*Collected data*

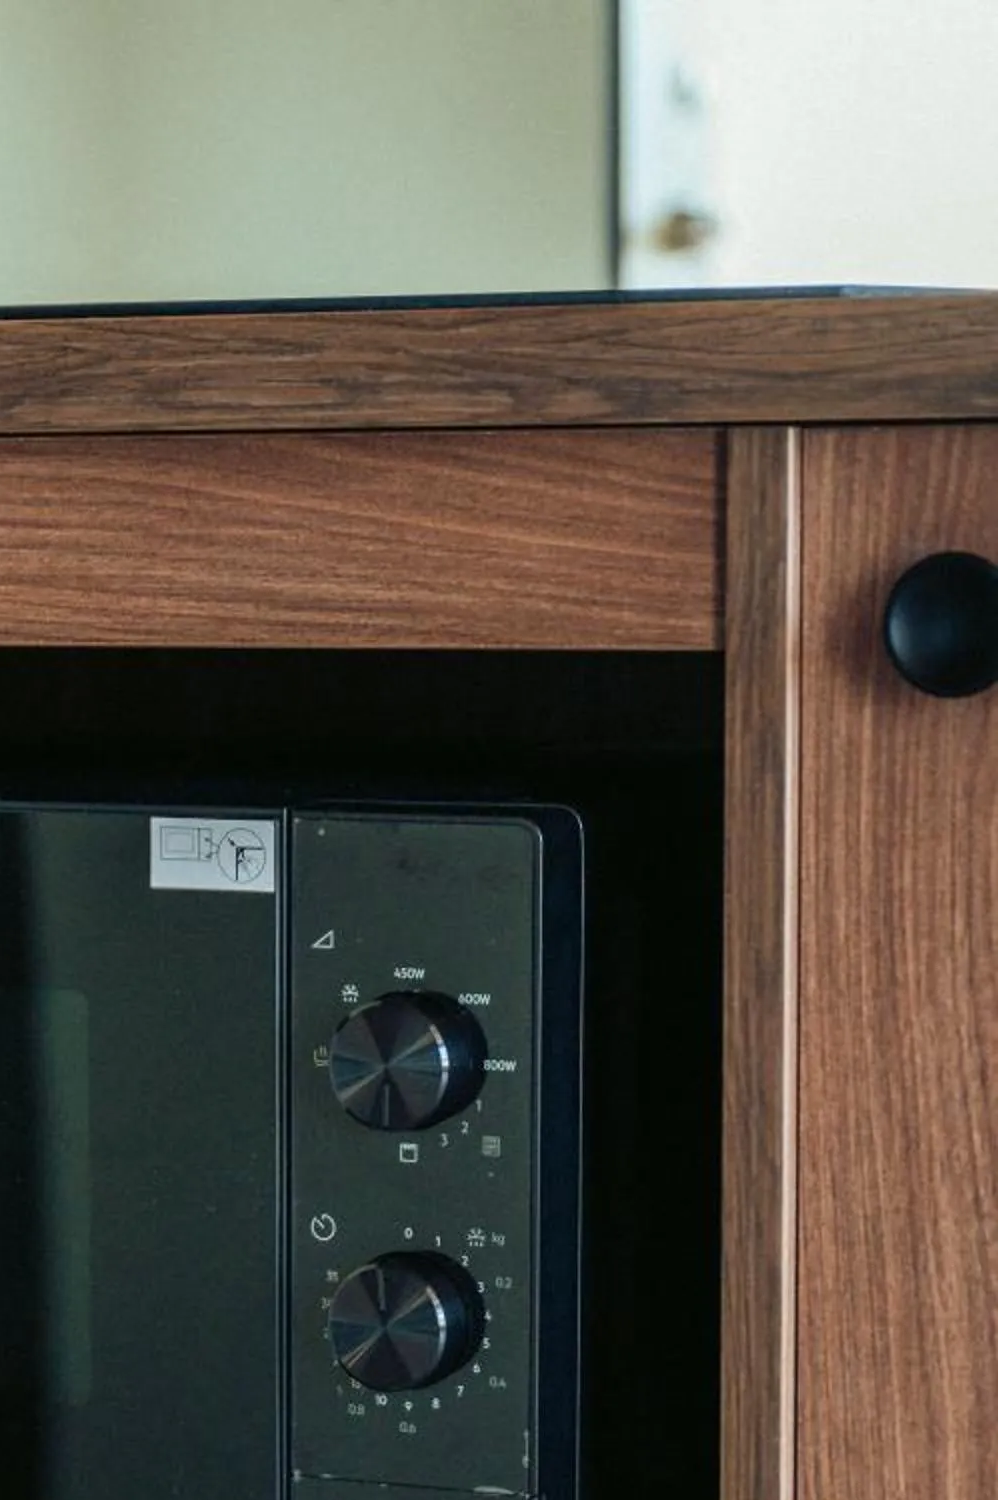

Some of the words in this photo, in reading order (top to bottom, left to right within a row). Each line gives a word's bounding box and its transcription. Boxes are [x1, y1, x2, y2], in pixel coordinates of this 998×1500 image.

[393, 966, 426, 980] 450W
[457, 993, 492, 1006] 600W
[483, 1059, 518, 1072] 800W
[460, 1121, 470, 1135] 2
[440, 1133, 450, 1148] 3
[403, 1227, 414, 1241] 0
[490, 1231, 506, 1247] kg
[460, 1255, 470, 1267] 2
[476, 1281, 485, 1293] 3
[482, 1337, 491, 1350] 5
[374, 1393, 388, 1407] 10

*WHAT IS BEING ASKED*
Please output all the records above exactly, leaving out every picture.

*RESPONSE AREA*
Some of the words in this photo, in reading order (top to bottom, left to right within a row). Each line gives a word's bounding box and its transcription. Boxes are [x1, y1, x2, y2], in pixel coordinates of this 998×1500 image.

[393, 966, 426, 980] 450W
[457, 993, 492, 1006] 600W
[483, 1059, 518, 1072] 800W
[460, 1121, 470, 1135] 2
[440, 1133, 450, 1148] 3
[403, 1227, 414, 1241] 0
[490, 1231, 506, 1247] kg
[460, 1255, 470, 1267] 2
[476, 1281, 485, 1293] 3
[482, 1337, 491, 1350] 5
[374, 1393, 388, 1407] 10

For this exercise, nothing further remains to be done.